A rebel spokesman has demanded that Manila bring envoys from
the United Nations and Organization of the Islamic Conference for
talks to free the hostages.
However the Philippines government has rejected their demand.
"We are a sovereign state here and we will not allow the
situation to turn into a circus," Mercado said,
"Unless he (Misuari) is replaced by President Joseph Estrada,
he would stay as the chief government negotiator," Mercado added.
Misuari, a former Muslim rebel leader who now heads an autonomous
Muslim region that includes Jolo, demanded Sunday that the rebels
name their representative for talks and put down their demands in
a signed document "so there is no way for them to change."
"There should be unanimity in their leadership to accept my
mission," Misuari said in nearby Zamboanga city, "or else I will
not proceed with the negotiations."
A rebel spokesman said the group did not want to deal with
Misuari and threatened to behead some of the foreign hostages
unless he was replaced with government representatives of the
foreign hostages.
Their spokesman told a Johannesburg radio station on Saturday
that some hostages would be executed in the next two or three
days unless the military lifted its siege of another Abu Sayyaf
unit on nearby Basilan island, where a second group of at least
27 Filipino hostages are held.
Philippine forces prepared Sunday to spray tear gas into a
tunnel in a sprawling rebel stronghold where the 27 hostages have
been held for six weeks, officials said.
Troops were guarding the entries to the tunnel, where some
rebels fled after the military overran the densely forested Abu
Sayyaf stronghold on southern Basilan island, Col.
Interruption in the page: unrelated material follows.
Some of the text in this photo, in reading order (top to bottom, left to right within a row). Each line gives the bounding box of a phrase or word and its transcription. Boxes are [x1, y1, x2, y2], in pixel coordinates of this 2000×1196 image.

Ernesto de
Guzman said.
Fighting also continued in other areas deep in the jungle,
with stiff resistance from the fleeing rebels, he said.
About 1,500 troops began attacking the rebel camp on Mount
Ponoh Mahajid eight days ago to rescue the hostages, mostly
children seized from two schools on March 20.
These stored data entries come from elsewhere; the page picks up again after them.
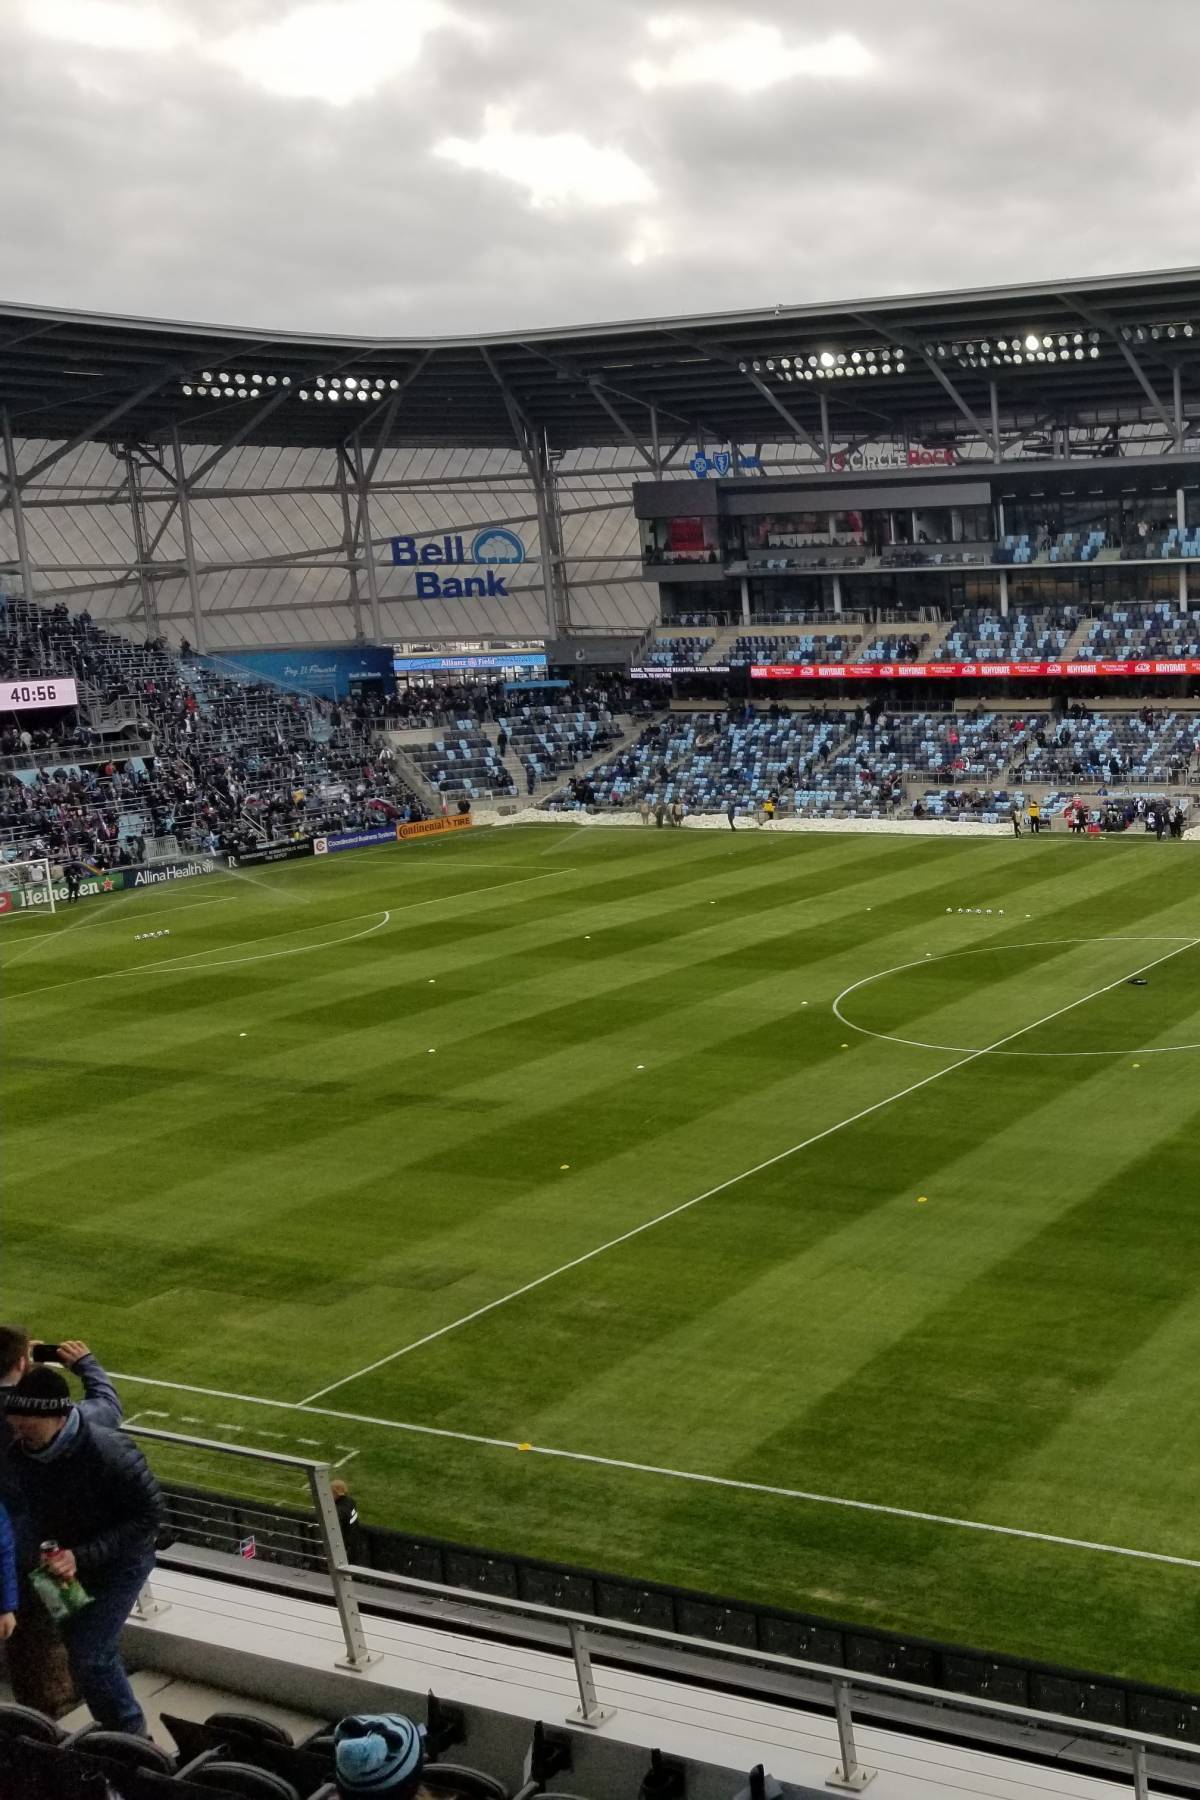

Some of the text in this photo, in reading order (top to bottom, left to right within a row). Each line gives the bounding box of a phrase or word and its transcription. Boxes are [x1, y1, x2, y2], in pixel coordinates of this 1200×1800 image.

[850, 451, 906, 470] CIRCLE
[390, 536, 465, 566] Bell
[415, 570, 509, 599] Bank
[10, 685, 57, 702] 40:56
[399, 817, 470, 838] Continental TIRE
[135, 863, 202, 886] Allina Health
[20, 881, 100, 907] Heineen
[10, 1396, 58, 1410] UNITED
Networks of tunnels, foxholes and bunkers crisscross the camp,
and soldiers are unsure how many hostages and rebels may be
inside the tunnel they plan to gas, de Guzman said.
Asked if children would be harmed by the tear gas, he replied:
"They will just be stunned."
The government said Sunday that the Basilan camp had been
overrun, though they found no trace of the hostages and their
captors.
On Saturday, Filipino journalist Arlyn de la Cruz was taken by
the kidnappers to the Jolo camp to speak to the 21 foreign
hostages, who were crammed into a single bamboo hut with no
toilet and guarded by about 250 armed rebels.
Guarded by around 250 rebels and crammed into a single bamboo
hut without a toilet, she said the hostages were hungry and
dehydrated after suffering diarrhea caused by drinking
contaminated water.
Their feet were bruised from hours of walking and they were
now "too weak to move," she said, adding that some of the
captives were wearing only the bathing suits they were dressed in
when they were abducted off the Borneo coast a week ago.